Victoria Johnson is demanding unlimited damages from the Dudley Group of Hospitals NHS Trust after Alfie's birth in November 2007.

He suffered catastrophic brain damage during his birth at the Russell Hall Hospital, Dudley, when he was starved of oxygen for up to 25 minutes immediately before his delivery, according to a High Court writ.

If midwives handling his birth had called in obstetricians earlier, Alfie would have been born unharmed, the writ says. But he suffered the most profound forms of acute brain injury.

Mrs Johnson, of Stourbridge, then 33, was admitted to hospital on November 11 2007 for midwifery led delivery.

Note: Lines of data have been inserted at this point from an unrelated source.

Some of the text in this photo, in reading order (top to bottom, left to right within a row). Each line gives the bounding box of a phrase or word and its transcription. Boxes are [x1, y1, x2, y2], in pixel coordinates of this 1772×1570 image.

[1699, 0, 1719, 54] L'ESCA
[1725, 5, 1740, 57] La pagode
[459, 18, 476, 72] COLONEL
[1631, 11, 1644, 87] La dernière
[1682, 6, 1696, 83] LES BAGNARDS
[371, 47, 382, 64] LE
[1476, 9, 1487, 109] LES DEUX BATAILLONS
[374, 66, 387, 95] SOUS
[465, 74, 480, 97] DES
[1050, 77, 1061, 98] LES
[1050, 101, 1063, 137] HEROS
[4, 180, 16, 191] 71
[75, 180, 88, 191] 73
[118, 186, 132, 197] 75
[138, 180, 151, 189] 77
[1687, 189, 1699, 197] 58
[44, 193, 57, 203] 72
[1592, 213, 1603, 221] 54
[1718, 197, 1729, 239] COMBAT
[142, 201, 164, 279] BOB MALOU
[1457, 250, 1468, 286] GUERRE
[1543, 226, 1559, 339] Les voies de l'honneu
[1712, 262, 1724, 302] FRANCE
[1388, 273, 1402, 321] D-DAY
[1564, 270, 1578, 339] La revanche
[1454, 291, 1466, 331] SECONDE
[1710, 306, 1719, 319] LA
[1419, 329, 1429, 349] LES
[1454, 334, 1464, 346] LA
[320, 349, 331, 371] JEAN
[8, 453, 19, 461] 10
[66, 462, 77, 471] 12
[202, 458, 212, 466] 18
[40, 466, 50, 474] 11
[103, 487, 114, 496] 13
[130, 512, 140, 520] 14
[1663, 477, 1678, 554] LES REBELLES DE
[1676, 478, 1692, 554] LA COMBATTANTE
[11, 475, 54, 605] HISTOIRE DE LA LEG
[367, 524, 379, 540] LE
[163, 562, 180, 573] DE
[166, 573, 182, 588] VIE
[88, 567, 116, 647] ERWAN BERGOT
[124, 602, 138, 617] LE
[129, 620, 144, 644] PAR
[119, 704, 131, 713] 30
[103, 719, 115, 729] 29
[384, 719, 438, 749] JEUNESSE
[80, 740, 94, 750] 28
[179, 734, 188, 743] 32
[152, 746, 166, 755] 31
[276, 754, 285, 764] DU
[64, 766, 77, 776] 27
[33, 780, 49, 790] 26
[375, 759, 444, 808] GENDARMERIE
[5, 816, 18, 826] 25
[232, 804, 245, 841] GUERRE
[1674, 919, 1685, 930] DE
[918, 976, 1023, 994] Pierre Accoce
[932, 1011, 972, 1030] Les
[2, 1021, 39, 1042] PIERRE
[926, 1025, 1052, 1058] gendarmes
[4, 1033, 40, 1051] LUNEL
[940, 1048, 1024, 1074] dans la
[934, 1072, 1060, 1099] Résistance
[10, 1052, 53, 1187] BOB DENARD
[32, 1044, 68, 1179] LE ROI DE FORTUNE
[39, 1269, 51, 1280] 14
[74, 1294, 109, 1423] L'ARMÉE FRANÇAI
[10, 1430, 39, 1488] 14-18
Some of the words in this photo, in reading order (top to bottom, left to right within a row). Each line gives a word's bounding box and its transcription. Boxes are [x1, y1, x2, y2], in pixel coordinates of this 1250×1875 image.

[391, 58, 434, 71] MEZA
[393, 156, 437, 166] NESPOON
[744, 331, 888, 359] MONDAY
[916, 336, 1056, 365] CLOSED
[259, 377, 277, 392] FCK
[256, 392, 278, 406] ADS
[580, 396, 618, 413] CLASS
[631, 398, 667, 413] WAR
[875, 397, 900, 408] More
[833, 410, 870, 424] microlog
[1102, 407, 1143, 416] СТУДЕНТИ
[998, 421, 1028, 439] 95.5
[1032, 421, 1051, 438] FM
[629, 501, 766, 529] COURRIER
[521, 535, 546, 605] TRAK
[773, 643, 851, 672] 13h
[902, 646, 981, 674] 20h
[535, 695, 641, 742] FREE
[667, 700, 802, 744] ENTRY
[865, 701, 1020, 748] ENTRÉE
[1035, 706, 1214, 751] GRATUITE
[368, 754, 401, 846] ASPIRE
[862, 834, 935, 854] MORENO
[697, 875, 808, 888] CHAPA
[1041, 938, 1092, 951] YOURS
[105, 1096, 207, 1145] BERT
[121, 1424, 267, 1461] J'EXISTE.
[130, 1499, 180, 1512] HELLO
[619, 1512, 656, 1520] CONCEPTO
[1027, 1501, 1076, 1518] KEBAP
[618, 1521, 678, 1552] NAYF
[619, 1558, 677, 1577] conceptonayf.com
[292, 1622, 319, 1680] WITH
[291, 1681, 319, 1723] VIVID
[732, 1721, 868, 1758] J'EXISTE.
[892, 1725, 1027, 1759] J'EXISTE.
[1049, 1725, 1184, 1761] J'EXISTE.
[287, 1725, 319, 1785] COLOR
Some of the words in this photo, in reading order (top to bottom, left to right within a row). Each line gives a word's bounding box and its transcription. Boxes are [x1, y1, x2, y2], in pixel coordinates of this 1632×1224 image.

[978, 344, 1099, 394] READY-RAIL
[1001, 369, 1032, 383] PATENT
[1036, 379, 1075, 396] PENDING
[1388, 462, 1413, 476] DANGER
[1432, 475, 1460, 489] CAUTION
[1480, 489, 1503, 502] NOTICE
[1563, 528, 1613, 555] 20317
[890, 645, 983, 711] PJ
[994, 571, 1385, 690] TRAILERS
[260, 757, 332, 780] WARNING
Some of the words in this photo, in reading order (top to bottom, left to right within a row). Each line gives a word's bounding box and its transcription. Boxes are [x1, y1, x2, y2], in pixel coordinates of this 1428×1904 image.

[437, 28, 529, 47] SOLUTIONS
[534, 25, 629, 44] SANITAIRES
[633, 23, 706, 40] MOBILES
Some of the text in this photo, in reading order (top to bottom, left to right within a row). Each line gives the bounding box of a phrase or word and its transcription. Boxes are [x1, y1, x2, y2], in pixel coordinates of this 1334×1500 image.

She was cared for by a student midwife, with midwives "popping in and out", and was sometimes left alone during her labour, the writ claims.

Alfie was delivered by the student midwife at 1451 hours, after a long second stage labour, and notes record he was in a poor and floppy condition. Mrs Johnson says some medical notes were made retrospectively because of the "manifest inadequacy and inaccuracy of the contemporaneous notes".

He was treated on a resuscitaire and transferred to a neonatal unit, suffering from fits and he was given anticonvulsant drugs. By the time he was four months old, he was having frequent seizures three to four times a day, of up to 15 at a time.

Mrs Johnson brands the trust negligent, and says midwives failed to carry out enough observations, failed to ensure competent practice and to supervise the student midwife, and failed to detect and correct her failings and omissions.

Mrs Johnson's husband Paul and Alfie's grandmother were present in the delivery room and confirm Mrs Johnson was left unattended and unmonitored for excessive periods, the writ says.

The writ claims the trust produced dubious retrospective records, and records which purport to be contemporaneous but are not, and say midwives were driven to create a false and inaccurate reconstruction of monitoring of events in labour.

Alfie was probably asphyxiated by the umbilical cord becoming obstructed and this was not picked up by midwives because of their negligent monitoring, it is claimed.

The writ was issued by Olivia Scates of Manchester based JMW Solicitors.